Незнакомое слово почему-то испугало Норму Шесть.
— Мириады! — рявкнул Кетчум.
— Бесконечно большое количество, которое невозможно подсчитать, — объяснил Дэнни.
Вид у Нормы Шесть был совсем растерянный. Ее утренний запал бесследно исчез.
— Может, съездим посмотрим на танцы лосей? — вдруг предложила она. — А может, нам вчетвером поехать, устроить привал? Сегодня будет замечательный вечер. И ночь не хуже. Разве у нас с тобой не найдется пара лишних спальных мешков для Дэнни и Кармеллы?

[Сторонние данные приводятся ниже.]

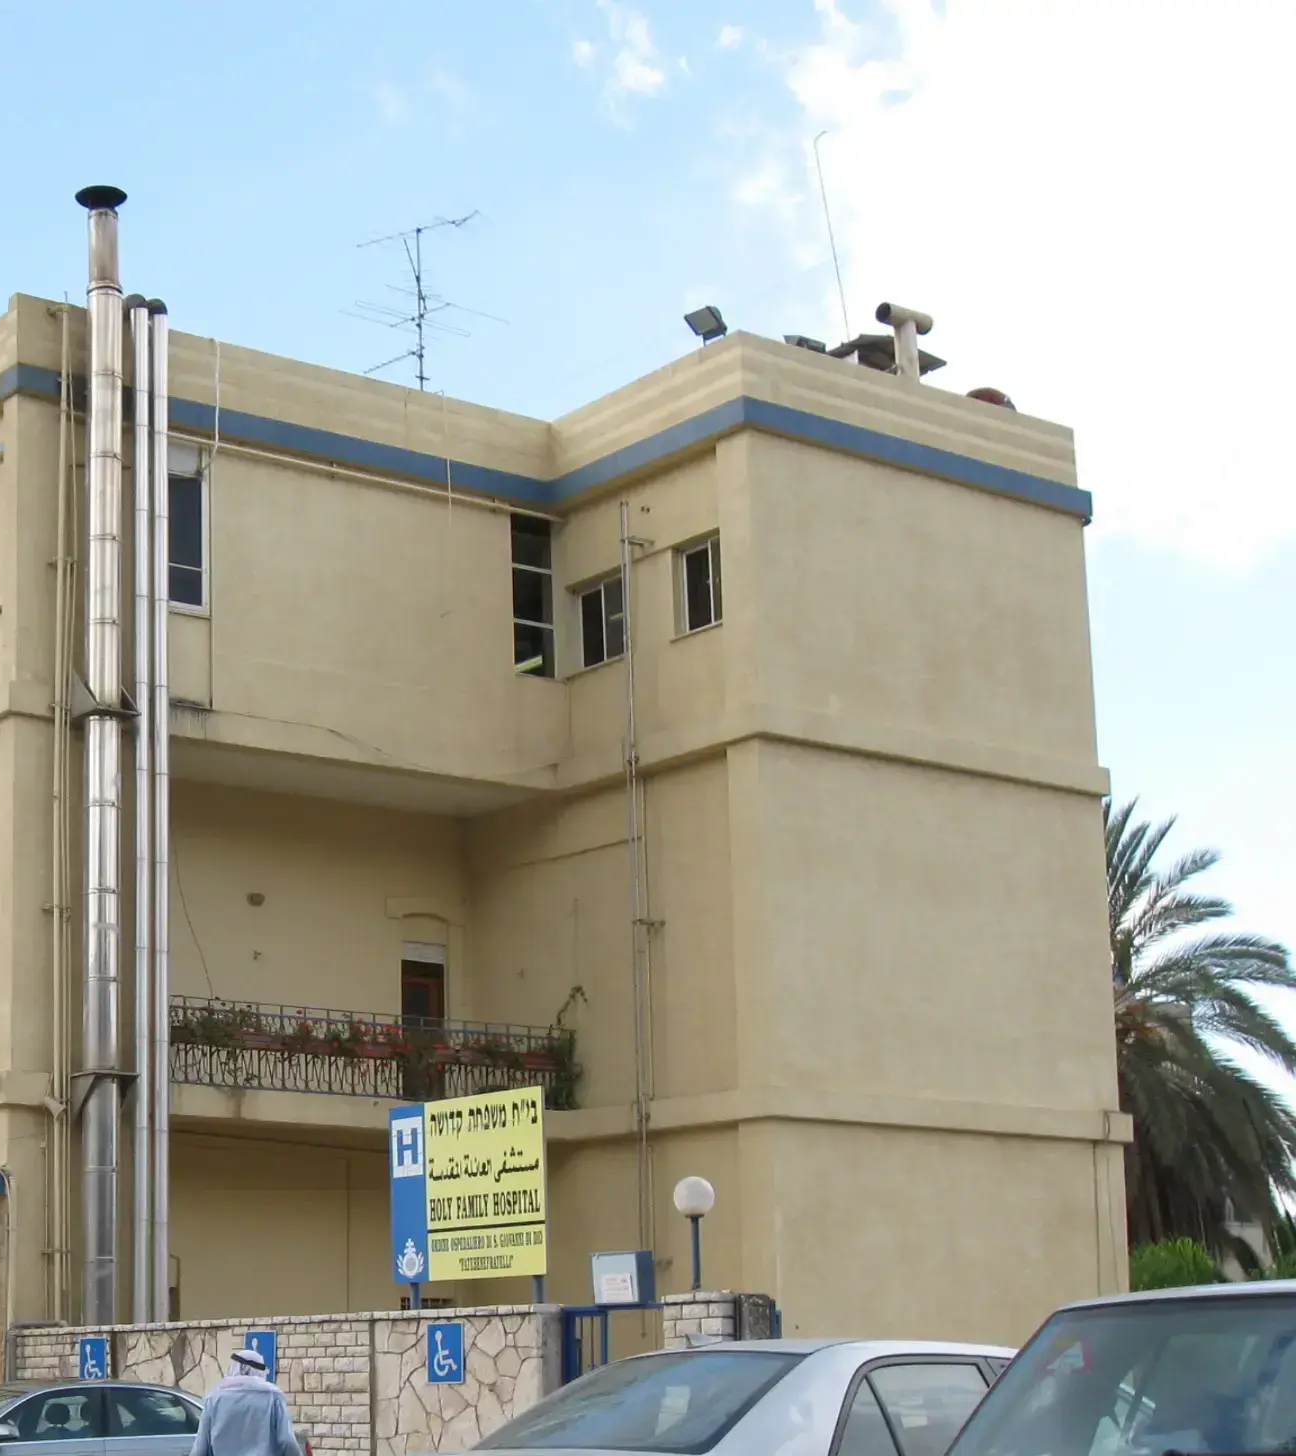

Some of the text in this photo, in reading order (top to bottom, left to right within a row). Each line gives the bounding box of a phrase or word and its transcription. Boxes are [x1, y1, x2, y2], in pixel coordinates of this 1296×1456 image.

[430, 1110, 463, 1140] קדושה
[397, 1127, 418, 1167] H
[494, 1146, 540, 1183] مستشفى
[430, 1188, 541, 1222] HOLY FAMILY HOSPITAL
[493, 1234, 499, 1248] S.

— Нашла время, — поморщился Кетчум. — Против нас развязана необъявленная война, а тебе приспичило смотреть лосиные танцы! Столько раз звал, ты отказывалась. А сегодня мне не до танцев. Нам с Дэнни нужно серьезно поговорить. Дэнни, в этом твоем отеле найдется бар с телевизором?

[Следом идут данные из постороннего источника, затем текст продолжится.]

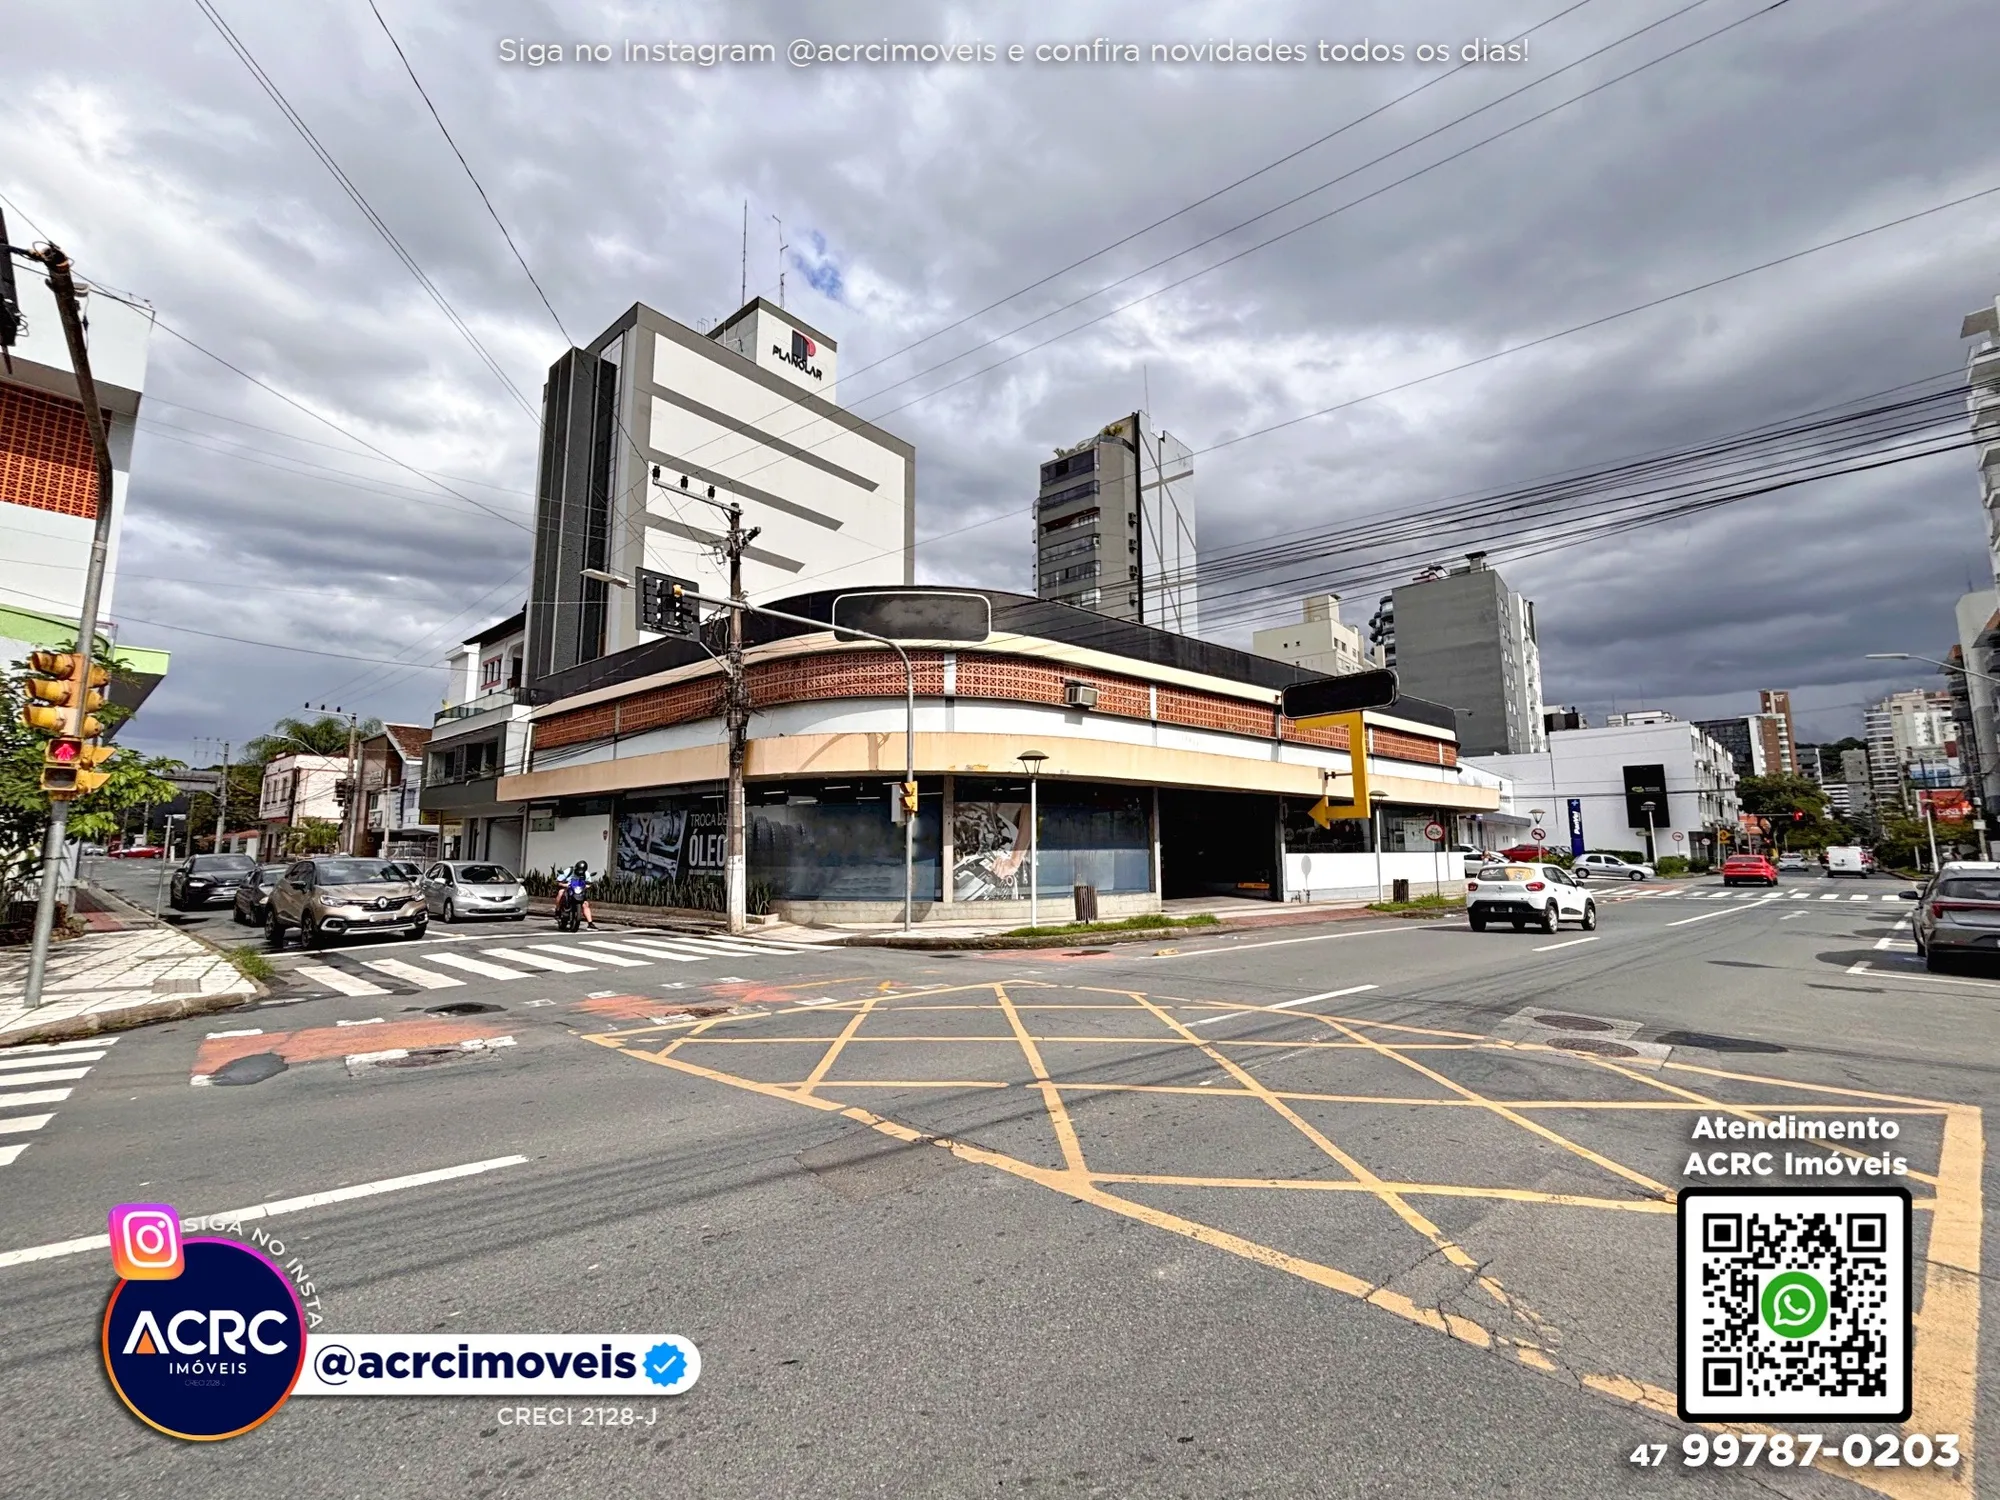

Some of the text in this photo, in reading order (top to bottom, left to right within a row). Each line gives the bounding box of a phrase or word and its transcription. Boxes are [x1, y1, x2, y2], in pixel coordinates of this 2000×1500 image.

[772, 344, 823, 381] PLANOLAR
[690, 812, 728, 827] TROCA DE
[689, 828, 728, 867] ÓLEO

— Я хочу домой, — заявила Кармелла. — Хочу вернуться в Бостон.
— Не сегодня, — оборвал ее Кетчум. — Не бойся, твой Бостон террористы бомбить не будут. Два самолета вылетели оттуда, верно? А если б им нужно было атаковать твой город, они бы это уже сделали.
— Завтра я отвезу тебя в Бостон, — сказал Кармелле Дэнни.
На Норму Шесть он старался не смотреть, понимая, каково ей сейчас.
— Оставь мне Героя. Я еще раз смажу ему раны, — сказала она, обращаясь к Кетчуму. — С собакой тебя в отель не пустят. А тебе придется там заночевать, чтобы не садиться за руль пьяным.
— Если только он заплатит, — сказал Кетчум, кивая на Дэнни.
— Можешь не беспокоиться, — ответил Дэнни.
Через дверку в кухню явились и все собаки Нормы Шесть. Почему-то слово «мириады», произнесенное Кетчумом, подействовало на людей, и они молчали. Собаки насторожились. Они не привыкли, чтобы столько людей, собравшихся вместе, не орали и не размахивали руками.
— Не скрещивай яйца, Герой, — обратился к своему псу Кетчум. — Тебе же сегодня не обязательно ехать на работу в свою больницу? — спросил он Норму Шесть.
— Я могу им понадобиться, — бесцветным голосом ответила она. — Я им нравлюсь.
— Черт побери, ты мне тоже нравишься, — неуклюже произнес Кетчум.